Problem description:
Restate the records below exactly. Pictures are not part of the copy.

*** Block opens ***

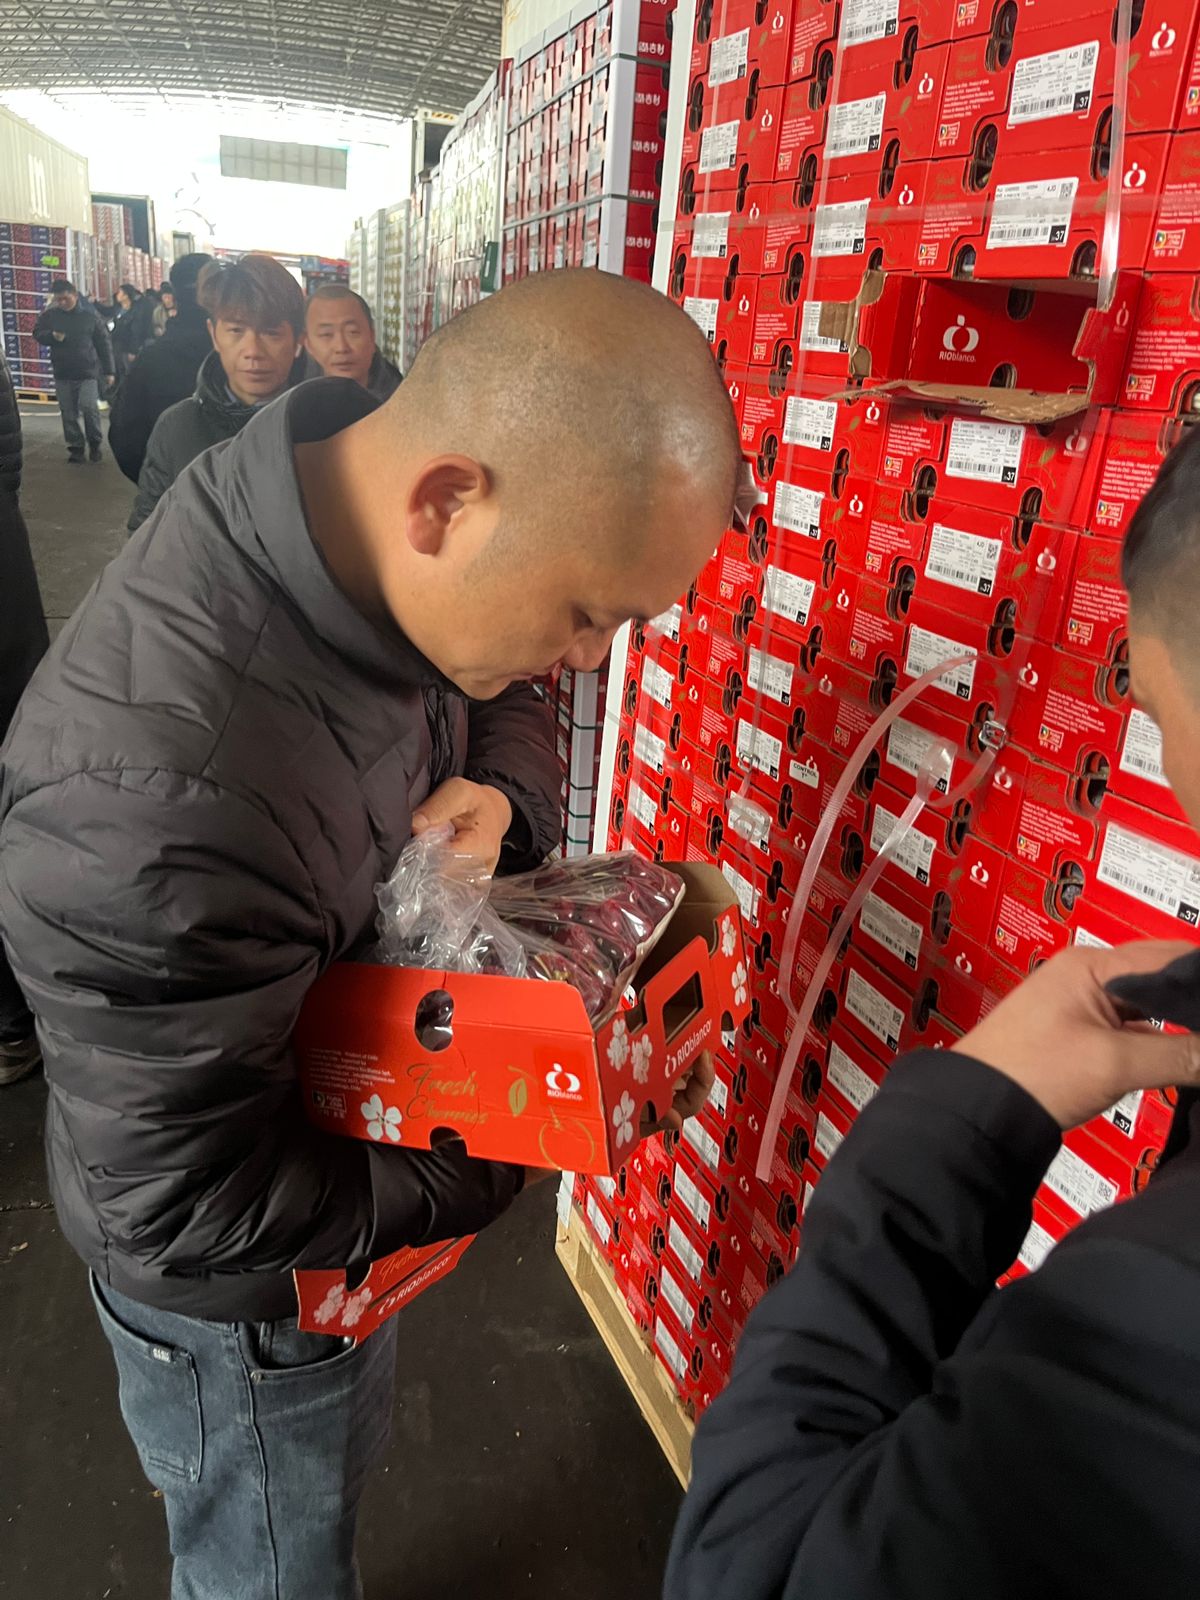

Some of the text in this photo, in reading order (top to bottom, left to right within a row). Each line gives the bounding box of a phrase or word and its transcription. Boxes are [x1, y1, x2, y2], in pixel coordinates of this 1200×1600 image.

[1079, 96, 1089, 108] 37
[1055, 230, 1065, 241] 37
[1006, 472, 1015, 481] 37
[982, 583, 991, 593] 37
[793, 763, 817, 778] CONTROL
[1184, 910, 1197, 922] 37
[406, 1063, 478, 1097] Fresh
[1119, 1118, 1130, 1131] 37
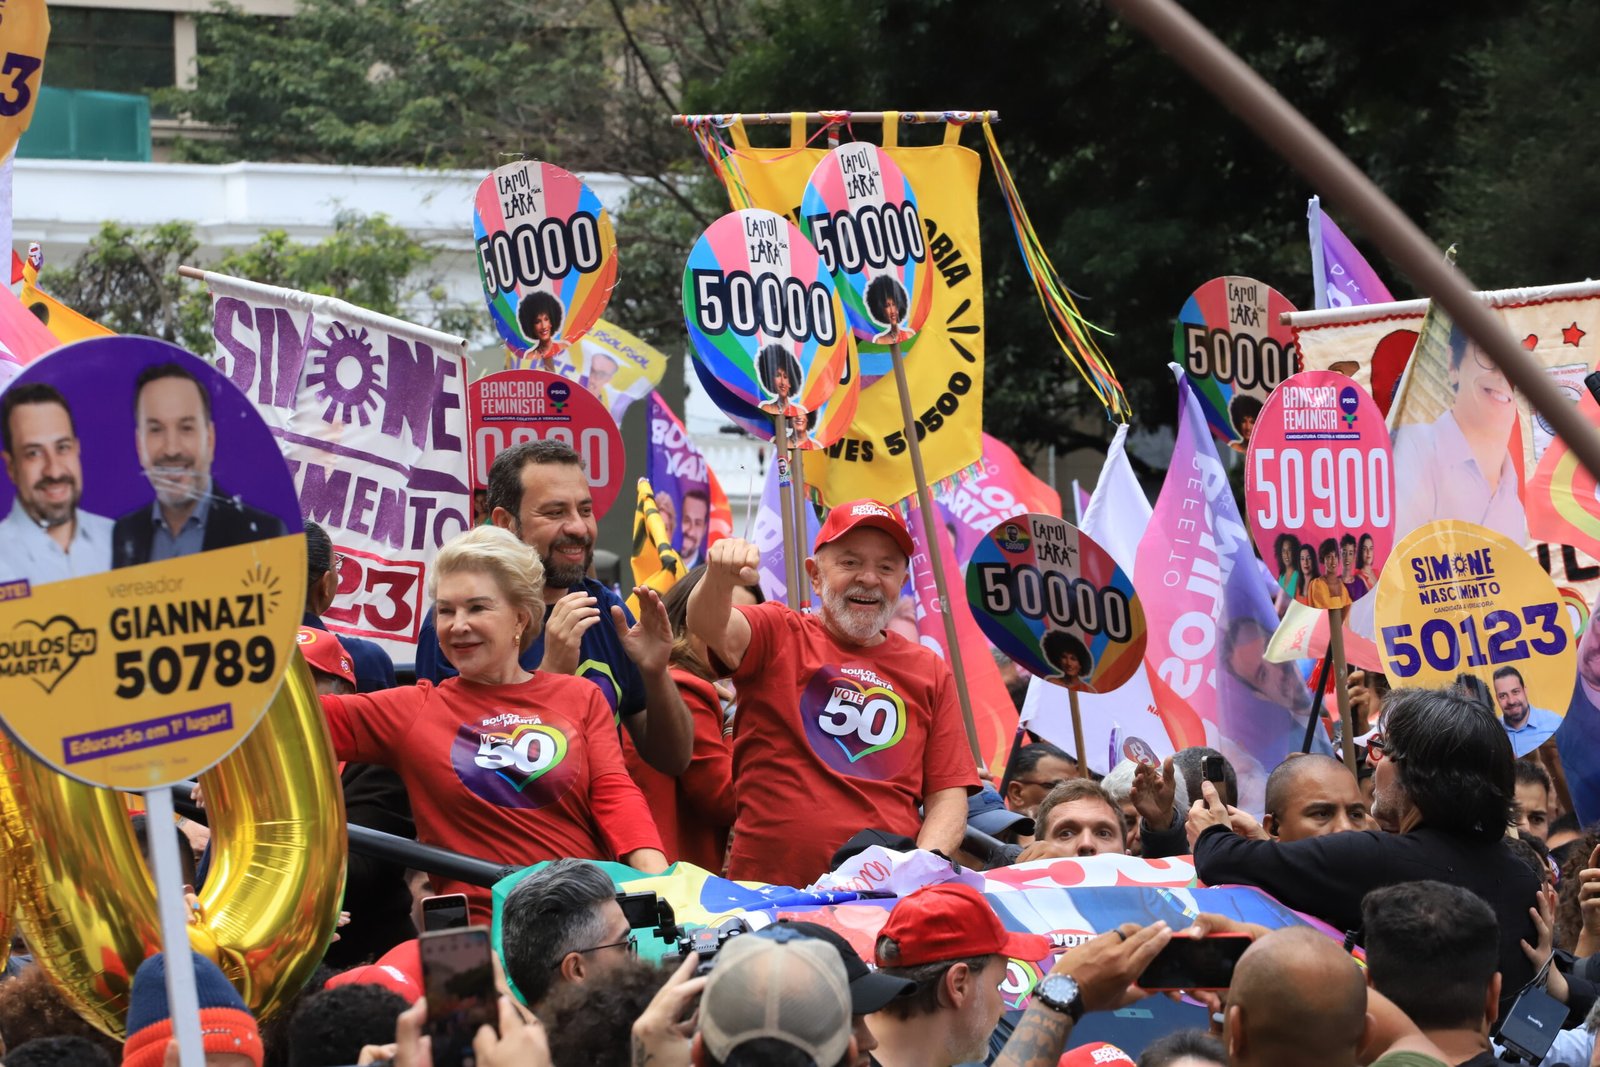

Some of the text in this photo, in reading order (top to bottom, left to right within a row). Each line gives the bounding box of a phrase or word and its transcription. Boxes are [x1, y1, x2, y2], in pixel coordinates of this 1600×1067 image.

[476, 213, 600, 297] 50000
[808, 201, 926, 277] 50000
[694, 271, 837, 345] 50000
[480, 381, 545, 398] BANCADA
[481, 399, 546, 414] FEMINISTA
[1282, 386, 1337, 409] BANCADA
[884, 371, 972, 456] 50500
[1283, 409, 1338, 430] FEMINISTA
[1254, 446, 1391, 530] 50900
[1411, 548, 1495, 583] SIMONE
[106, 576, 185, 598] vereador
[979, 562, 1132, 643] 50000
[1419, 582, 1501, 606] NASCIMENTO
[110, 593, 265, 641] GIANNAZI
[1433, 605, 1462, 614] CANDIDATA
[1381, 602, 1567, 678] 50123
[115, 635, 276, 699] 50789
[840, 668, 876, 677] BOULOS
[861, 675, 894, 691] MARTA
[834, 688, 864, 704] VOTE
[69, 728, 144, 757] Educação
[145, 724, 169, 740] em
[186, 709, 228, 732] lugar!
[482, 713, 520, 726] BOULOS
[819, 688, 897, 745] 50
[475, 732, 555, 773] 50
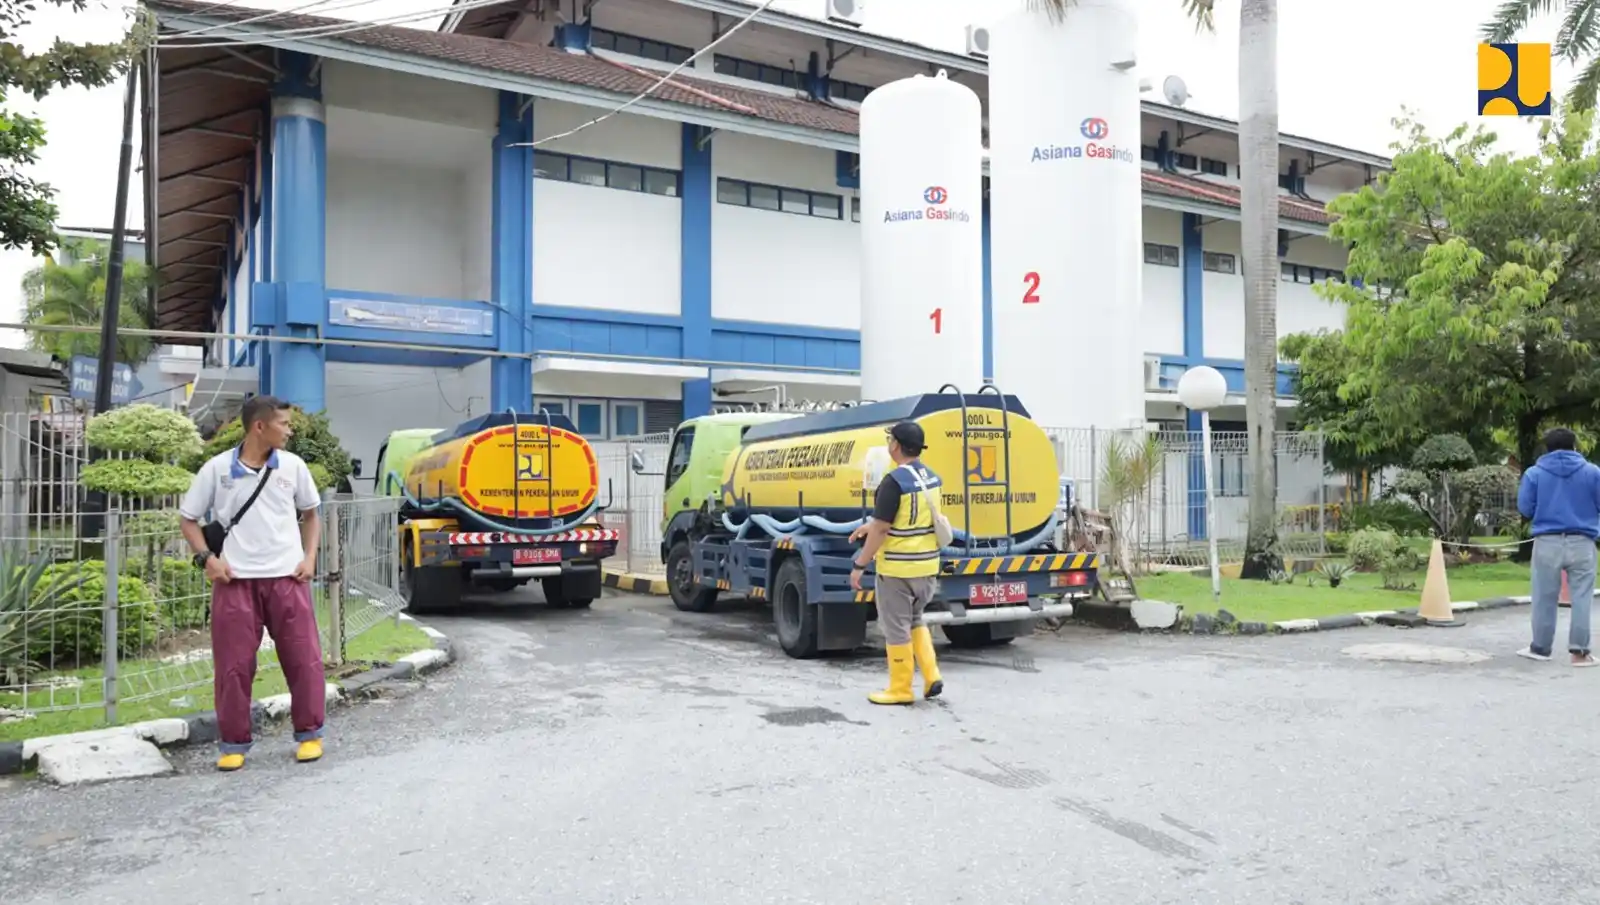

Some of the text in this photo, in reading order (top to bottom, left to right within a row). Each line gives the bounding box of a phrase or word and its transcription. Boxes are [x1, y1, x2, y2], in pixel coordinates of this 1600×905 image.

[1031, 142, 1134, 163] Asiana Gasindo
[884, 206, 969, 223] Asiana Gasindo
[1022, 272, 1041, 304] 2
[929, 308, 942, 334] 1
[965, 414, 993, 426] 000 L
[480, 488, 523, 497] KEMENTERN
[525, 489, 560, 498] PEKERJAN
[971, 586, 978, 599] B
[1009, 583, 1026, 597] SMA
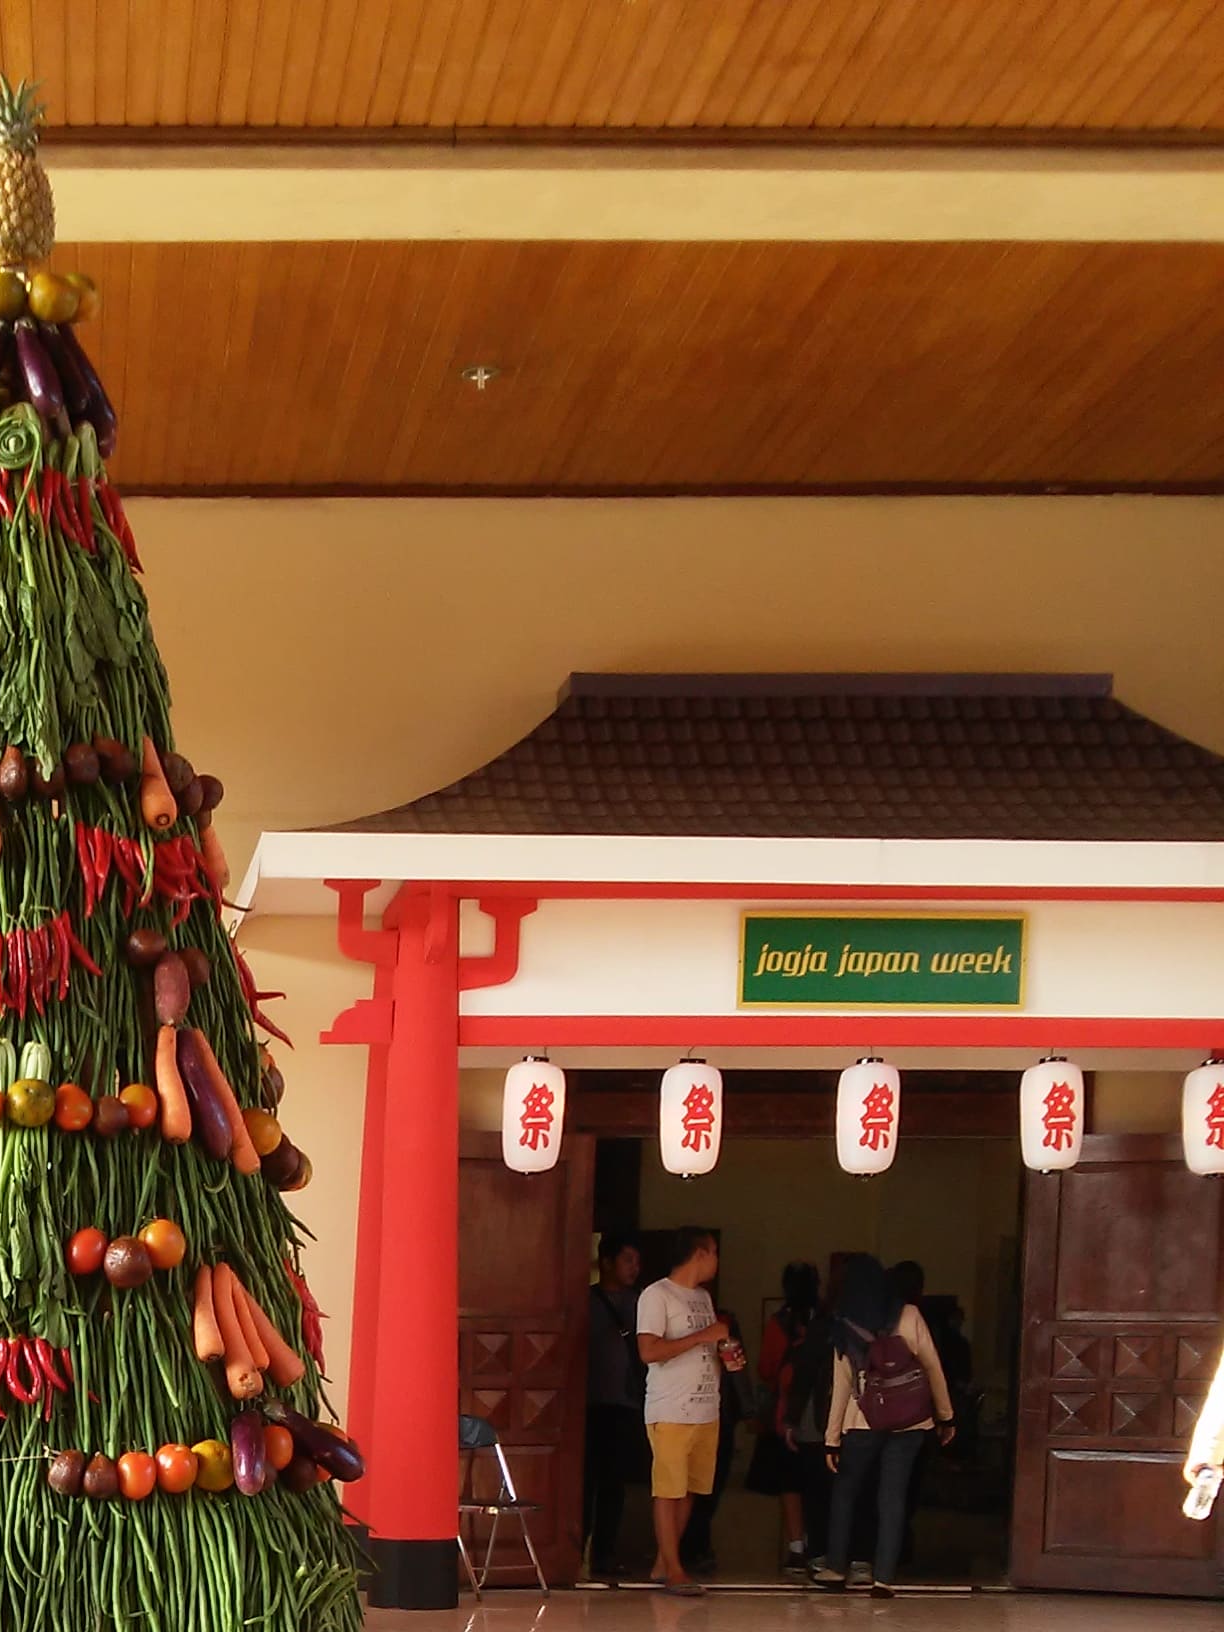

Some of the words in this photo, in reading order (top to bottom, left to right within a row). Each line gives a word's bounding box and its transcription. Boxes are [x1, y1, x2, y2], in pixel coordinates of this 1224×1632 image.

[753, 944, 827, 977] jogja
[834, 944, 920, 977] japan
[930, 946, 1012, 974] week
[519, 1083, 555, 1151] 祭
[681, 1084, 716, 1152] 祭
[859, 1082, 895, 1151] 祭
[1041, 1081, 1077, 1151] 祭

*** Block closes ***

Answer below:
Some of the text in this photo, in reading order (top to bottom, left to right within a row). Each line gives the bounding box of a phrase or word and its transcription. Boxes are [x1, y1, x2, y2], in pixel coordinates of this 1200×1600 image.

[1079, 96, 1089, 108] 37
[1055, 230, 1065, 241] 37
[1006, 472, 1015, 481] 37
[982, 583, 991, 593] 37
[793, 763, 817, 778] CONTROL
[1184, 910, 1197, 922] 37
[406, 1063, 478, 1097] Fresh
[1119, 1118, 1130, 1131] 37

Some of the text in this photo, in reading order (top to bottom, left to right within a row). Each line gives the bounding box of a phrase or word and its transcription. Boxes are [x1, y1, x2, y2], in pixel coordinates of this 1600×1067 image.

[476, 213, 600, 297] 50000
[808, 201, 926, 277] 50000
[694, 271, 837, 345] 50000
[480, 381, 545, 398] BANCADA
[481, 399, 546, 414] FEMINISTA
[1282, 386, 1337, 409] BANCADA
[884, 371, 972, 456] 50500
[1283, 409, 1338, 430] FEMINISTA
[1254, 446, 1391, 530] 50900
[1411, 548, 1495, 583] SIMONE
[106, 576, 185, 598] vereador
[979, 562, 1132, 643] 50000
[1419, 582, 1501, 606] NASCIMENTO
[110, 593, 265, 641] GIANNAZI
[1433, 605, 1462, 614] CANDIDATA
[1381, 602, 1567, 678] 50123
[115, 635, 276, 699] 50789
[840, 668, 876, 677] BOULOS
[861, 675, 894, 691] MARTA
[834, 688, 864, 704] VOTE
[69, 728, 144, 757] Educação
[145, 724, 169, 740] em
[186, 709, 228, 732] lugar!
[482, 713, 520, 726] BOULOS
[819, 688, 897, 745] 50
[475, 732, 555, 773] 50

Some of the text in this photo, in reading order (top to bottom, left to right within a row). Each line gives the bounding box of a phrase or word and its transcription. Boxes are [x1, y1, x2, y2], in pixel coordinates of this 1600×905 image.

[1031, 142, 1134, 163] Asiana Gasindo
[884, 206, 969, 223] Asiana Gasindo
[1022, 272, 1041, 304] 2
[929, 308, 942, 334] 1
[965, 414, 993, 426] 000 L
[480, 488, 523, 497] KEMENTERN
[525, 489, 560, 498] PEKERJAN
[971, 586, 978, 599] B
[1009, 583, 1026, 597] SMA

Some of the words in this photo, in reading order (top to bottom, left to right within a row). Each line gives a word's bounding box and its transcription. Boxes are [x1, y1, x2, y2], in pixel coordinates of this 1224×1632 image.

[753, 944, 827, 977] jogja
[834, 944, 920, 977] japan
[930, 946, 1012, 974] week
[519, 1083, 555, 1151] 祭
[681, 1084, 716, 1152] 祭
[859, 1082, 895, 1151] 祭
[1041, 1081, 1077, 1151] 祭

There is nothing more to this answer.